— WHAT YOU SHOULD DO —
Output the data once more, exactly as given.

-------- SUPPLIED RECORDS --------

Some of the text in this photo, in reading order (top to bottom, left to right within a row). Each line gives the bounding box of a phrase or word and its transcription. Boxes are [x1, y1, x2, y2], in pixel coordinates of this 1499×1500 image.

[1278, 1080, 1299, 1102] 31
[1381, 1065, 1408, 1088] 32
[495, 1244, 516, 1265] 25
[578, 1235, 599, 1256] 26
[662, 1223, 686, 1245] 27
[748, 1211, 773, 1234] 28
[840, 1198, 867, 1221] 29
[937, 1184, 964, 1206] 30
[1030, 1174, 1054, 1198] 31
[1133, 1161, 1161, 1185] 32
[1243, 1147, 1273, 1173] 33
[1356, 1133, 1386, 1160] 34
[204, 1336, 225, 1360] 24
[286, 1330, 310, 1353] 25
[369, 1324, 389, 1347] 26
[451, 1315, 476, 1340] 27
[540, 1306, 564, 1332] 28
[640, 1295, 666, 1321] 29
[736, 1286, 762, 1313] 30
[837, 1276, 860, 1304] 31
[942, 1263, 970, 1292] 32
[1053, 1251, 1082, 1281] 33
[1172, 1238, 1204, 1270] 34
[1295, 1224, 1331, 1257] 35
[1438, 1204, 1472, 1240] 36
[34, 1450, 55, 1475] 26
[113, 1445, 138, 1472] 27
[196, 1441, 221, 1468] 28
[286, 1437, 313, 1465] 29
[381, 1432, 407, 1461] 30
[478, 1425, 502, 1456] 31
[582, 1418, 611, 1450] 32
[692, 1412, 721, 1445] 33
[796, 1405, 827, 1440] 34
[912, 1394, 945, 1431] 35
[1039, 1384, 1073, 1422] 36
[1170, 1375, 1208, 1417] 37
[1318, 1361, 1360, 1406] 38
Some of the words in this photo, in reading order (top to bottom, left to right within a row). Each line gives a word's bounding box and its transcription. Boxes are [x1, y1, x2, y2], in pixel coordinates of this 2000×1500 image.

--------

— FINISHED EXERCISE —
Some of the text in this photo, in reading order (top to bottom, left to right within a row). Each line gives the bounding box of a phrase or word and its transcription. Boxes are [x1, y1, x2, y2], in pixel coordinates of this 1499×1500 image.

[1278, 1080, 1299, 1102] 31
[1381, 1065, 1408, 1088] 32
[495, 1244, 516, 1265] 25
[578, 1235, 599, 1256] 26
[662, 1223, 686, 1245] 27
[748, 1211, 773, 1234] 28
[840, 1198, 867, 1221] 29
[937, 1184, 964, 1206] 30
[1030, 1174, 1054, 1198] 31
[1133, 1161, 1161, 1185] 32
[1243, 1147, 1273, 1173] 33
[1356, 1133, 1386, 1160] 34
[204, 1336, 225, 1360] 24
[286, 1330, 310, 1353] 25
[369, 1324, 389, 1347] 26
[451, 1315, 476, 1340] 27
[540, 1306, 564, 1332] 28
[640, 1295, 666, 1321] 29
[736, 1286, 762, 1313] 30
[837, 1276, 860, 1304] 31
[942, 1263, 970, 1292] 32
[1053, 1251, 1082, 1281] 33
[1172, 1238, 1204, 1270] 34
[1295, 1224, 1331, 1257] 35
[1438, 1204, 1472, 1240] 36
[34, 1450, 55, 1475] 26
[113, 1445, 138, 1472] 27
[196, 1441, 221, 1468] 28
[286, 1437, 313, 1465] 29
[381, 1432, 407, 1461] 30
[478, 1425, 502, 1456] 31
[582, 1418, 611, 1450] 32
[692, 1412, 721, 1445] 33
[796, 1405, 827, 1440] 34
[912, 1394, 945, 1431] 35
[1039, 1384, 1073, 1422] 36
[1170, 1375, 1208, 1417] 37
[1318, 1361, 1360, 1406] 38
Some of the words in this photo, in reading order (top to bottom, left to right within a row). Each line gives a word's bounding box and its transcription. Boxes are [x1, y1, x2, y2], in pixel coordinates of this 2000×1500 image.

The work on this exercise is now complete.